▸ **Brief**
Everything in the records must appear again exactly, except the images.

▸ **Recorded information**
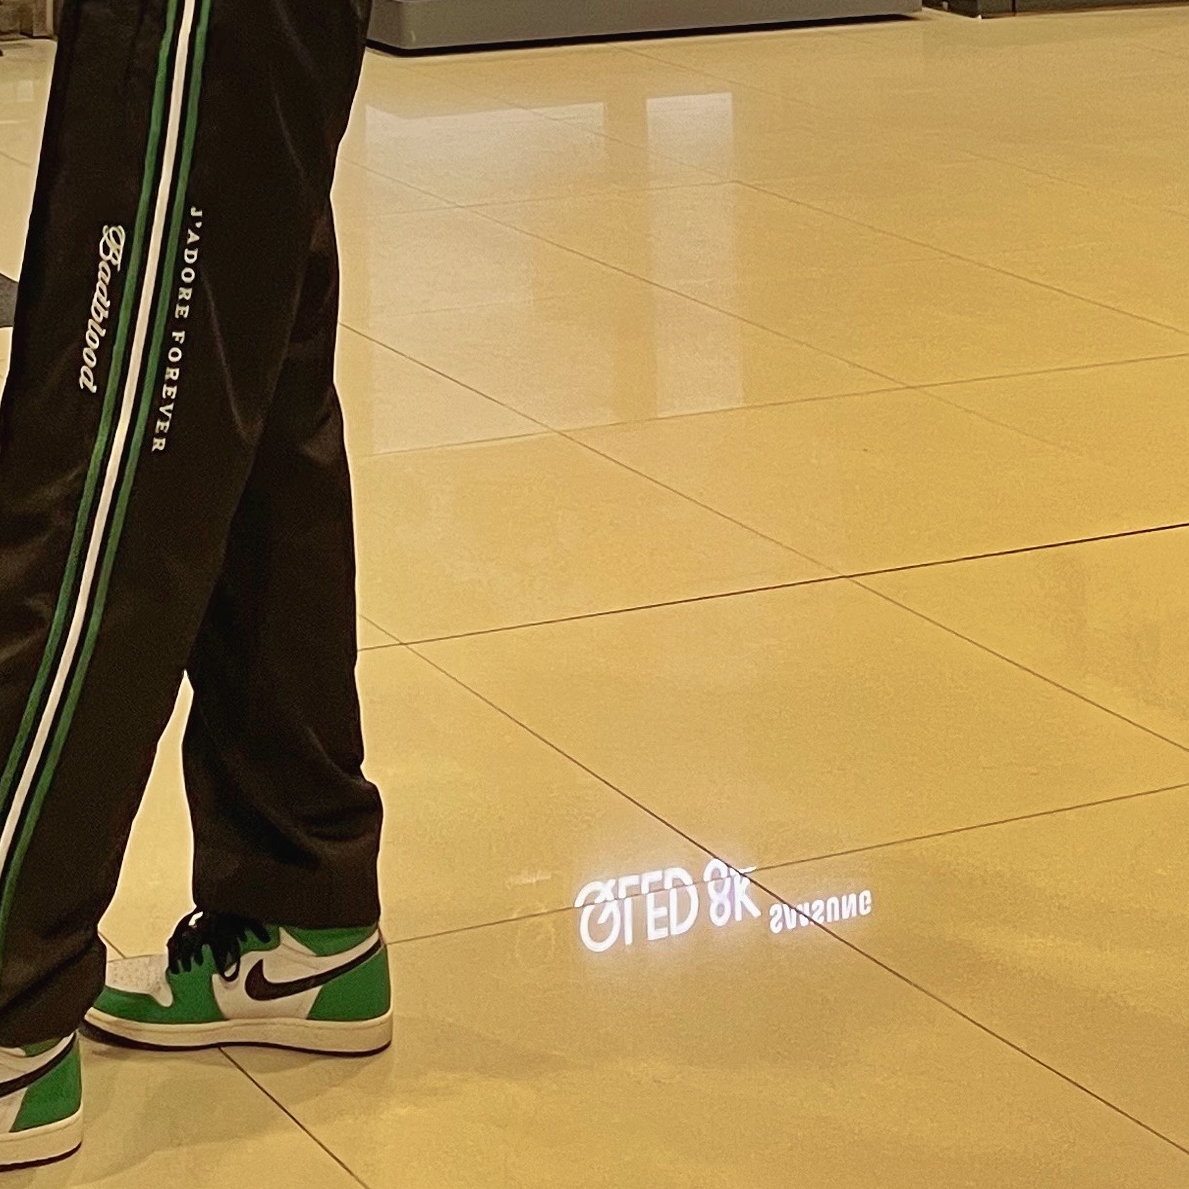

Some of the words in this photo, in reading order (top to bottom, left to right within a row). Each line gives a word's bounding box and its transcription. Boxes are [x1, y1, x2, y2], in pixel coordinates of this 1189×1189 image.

[79, 224, 126, 393] Badblood
[175, 207, 203, 319] J'ADORE
[151, 330, 186, 452] FOREVER
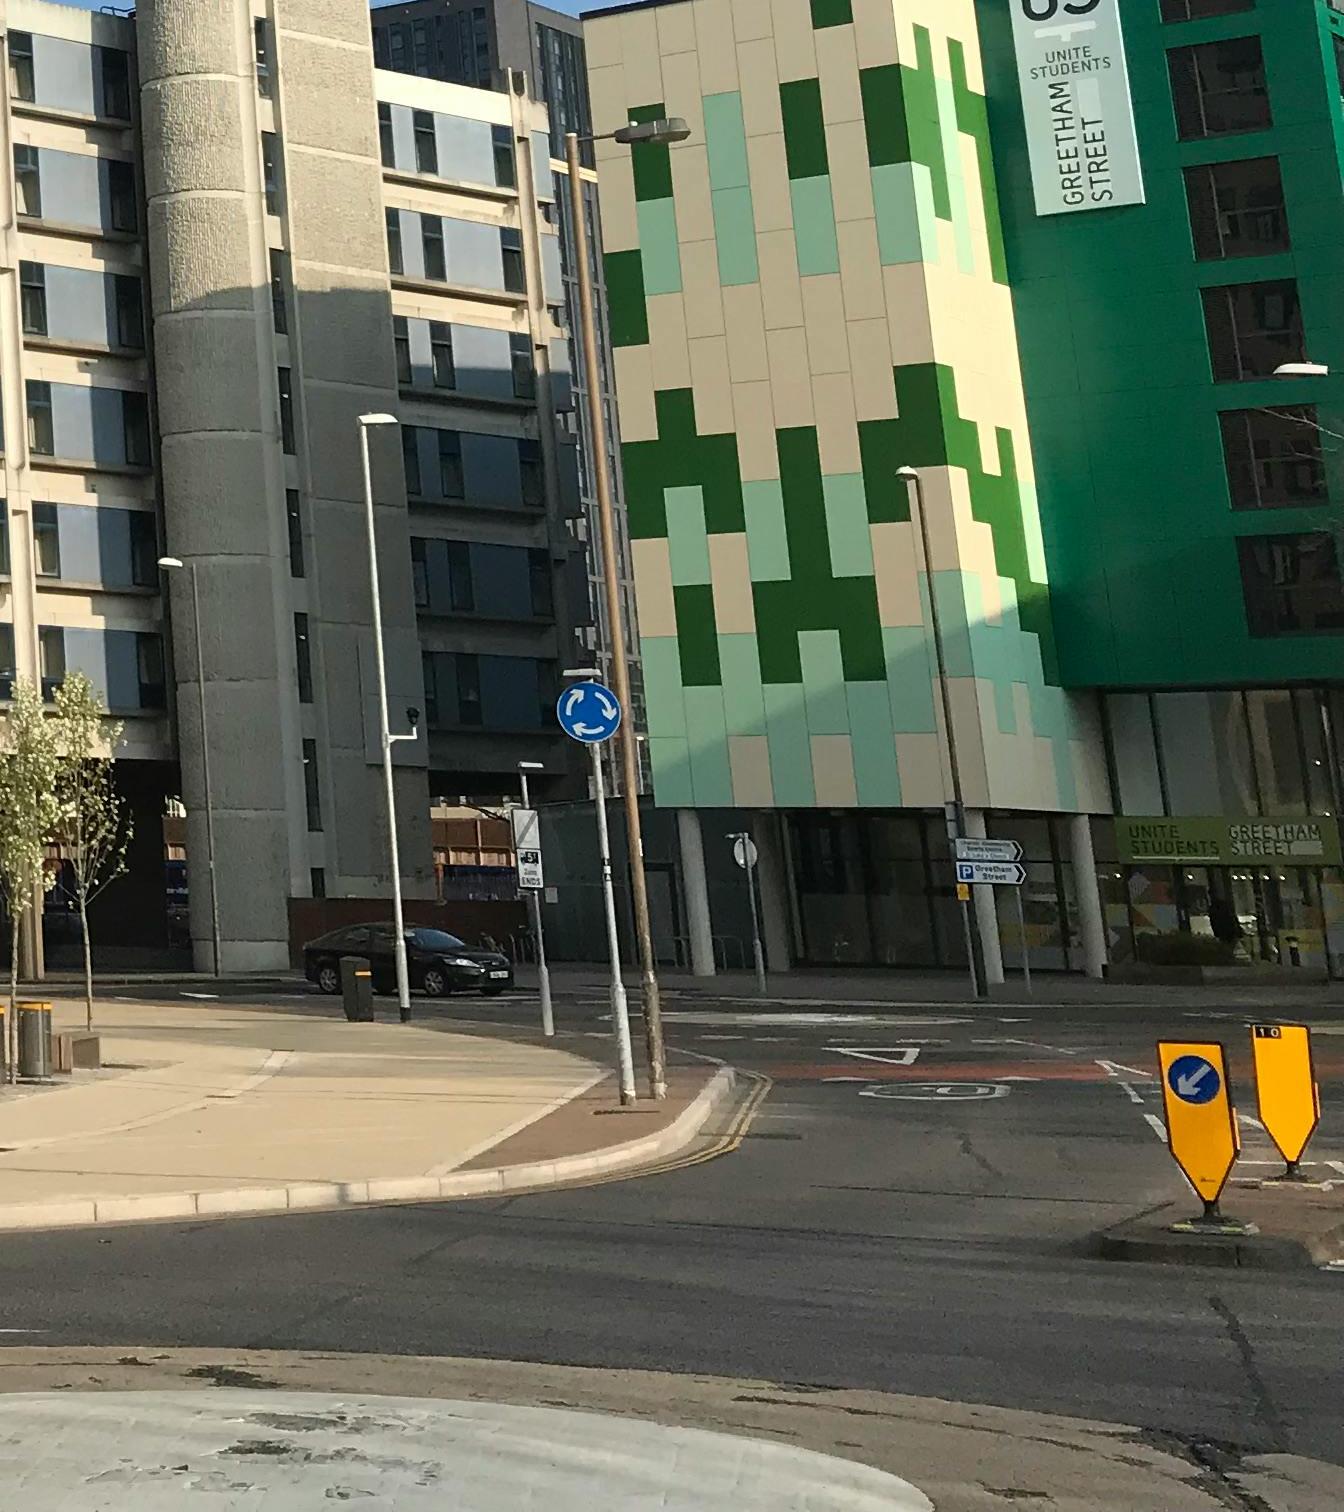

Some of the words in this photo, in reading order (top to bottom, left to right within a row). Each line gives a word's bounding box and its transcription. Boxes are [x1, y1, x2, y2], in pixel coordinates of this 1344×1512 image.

[1045, 45, 1092, 64] UNITE
[1030, 56, 1112, 80] STUDENTS
[1048, 81, 1084, 206] GREETHAM
[1081, 117, 1113, 202] STREET
[1129, 824, 1179, 838] UNITE
[1229, 824, 1322, 839] GREETHAM
[1130, 840, 1220, 855] STUDENTS
[1230, 840, 1292, 856] STREET
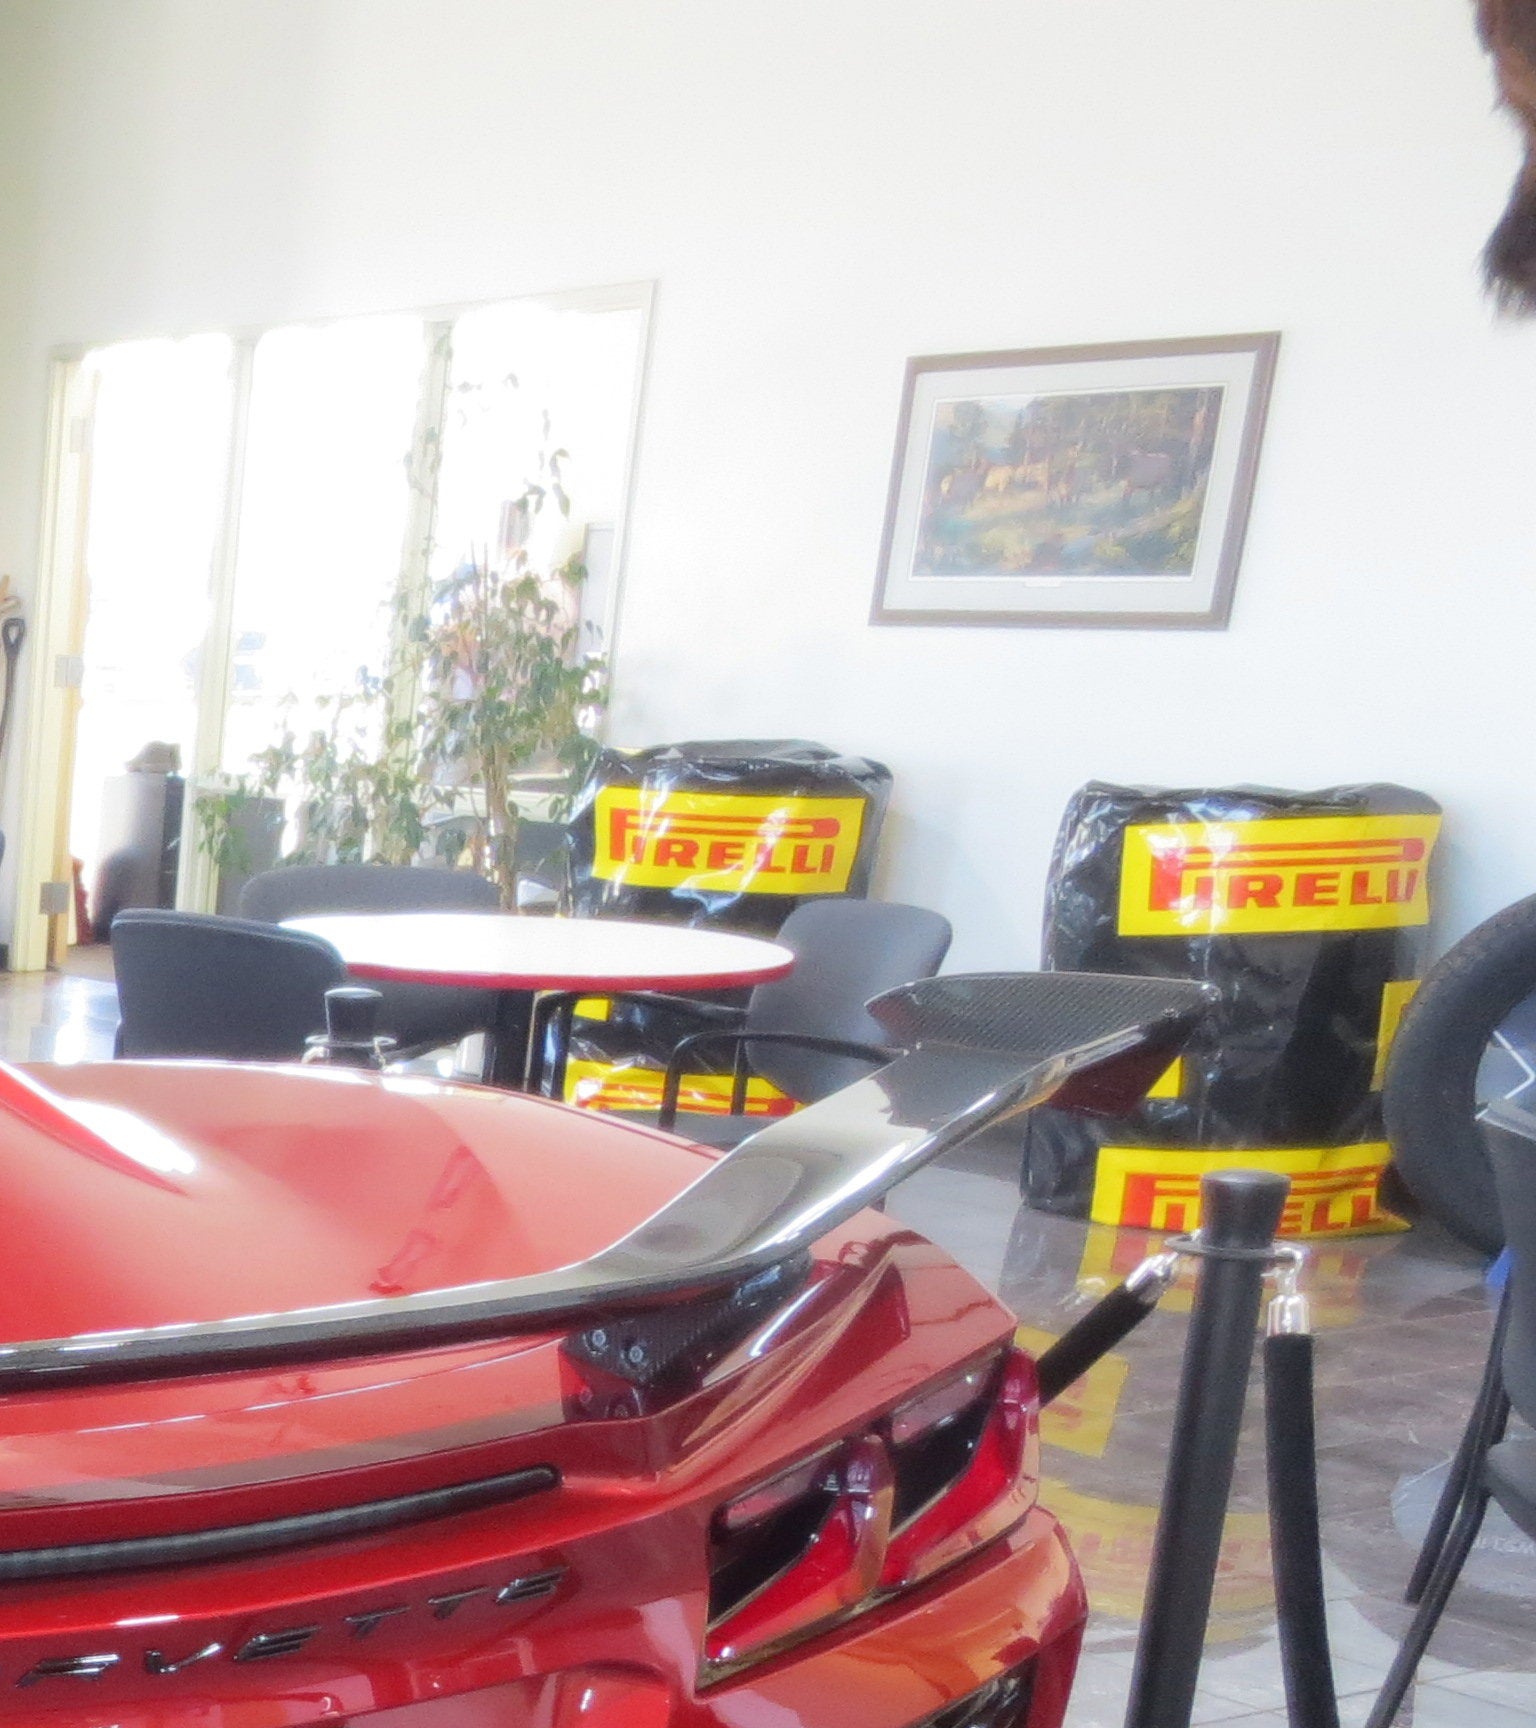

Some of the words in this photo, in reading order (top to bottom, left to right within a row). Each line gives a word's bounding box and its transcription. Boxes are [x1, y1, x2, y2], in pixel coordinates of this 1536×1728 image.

[609, 806, 841, 874] PIRELLI
[1147, 837, 1426, 912] PIRELLI
[1118, 1164, 1385, 1235] PIELL
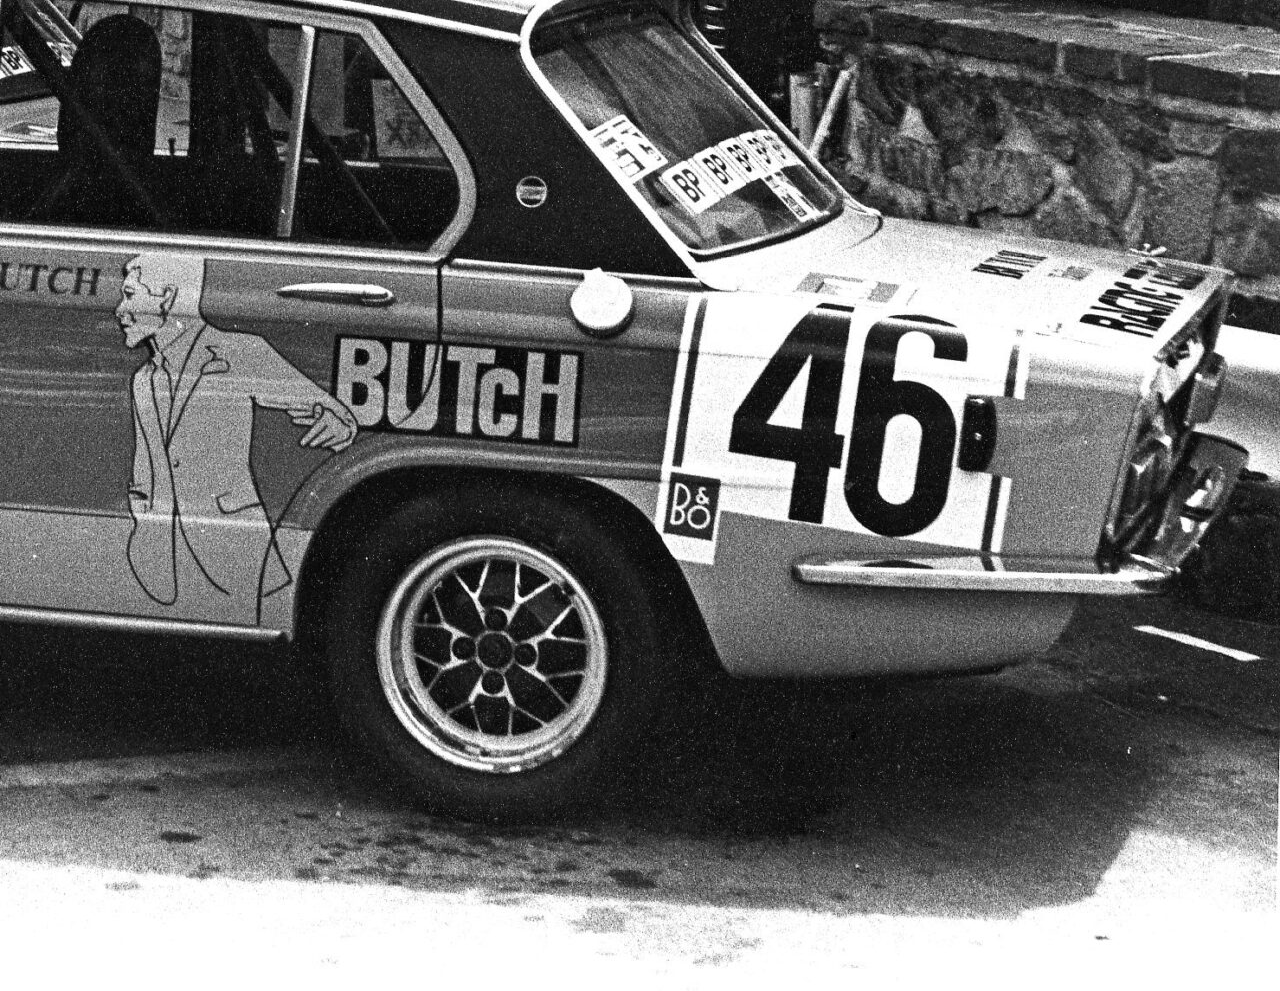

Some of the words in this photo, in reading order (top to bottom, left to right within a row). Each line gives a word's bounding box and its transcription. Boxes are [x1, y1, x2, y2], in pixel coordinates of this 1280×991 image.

▸ **Worked solution**
Some of the words in this photo, in reading order (top to bottom, left to right within a row). Each line gives a word's bounding box and its transcription. Boxes are [x1, y1, x2, y2], in pixel coordinates of this 1189×1189 image.

[79, 224, 126, 393] Badblood
[175, 207, 203, 319] J'ADORE
[151, 330, 186, 452] FOREVER

Some of the words in this photo, in reading order (top to bottom, left to right within a row). Each line gives a word's bounding box and its transcription. Boxes are [x1, y1, x2, y2], in pixel coordinates of this 1344×1512 image.

[1045, 45, 1092, 64] UNITE
[1030, 56, 1112, 80] STUDENTS
[1048, 81, 1084, 206] GREETHAM
[1081, 117, 1113, 202] STREET
[1129, 824, 1179, 838] UNITE
[1229, 824, 1322, 839] GREETHAM
[1130, 840, 1220, 855] STUDENTS
[1230, 840, 1292, 856] STREET

Some of the words in this photo, in reading order (top to bottom, left to right within a row). Each line gives a word's bounding box and its transcription. Boxes are [x1, y1, x2, y2], in pixel coordinates of this 1536×1728 image.

[609, 806, 841, 874] PIRELLI
[1147, 837, 1426, 912] PIRELLI
[1118, 1164, 1385, 1235] PIELL

Some of the words in this photo, in reading order (top to bottom, left to right within a row). Each line gives a word's bounding box and its transcription. Boxes are [x1, y1, x2, y2], in pixel coordinates of this 1280×991 image.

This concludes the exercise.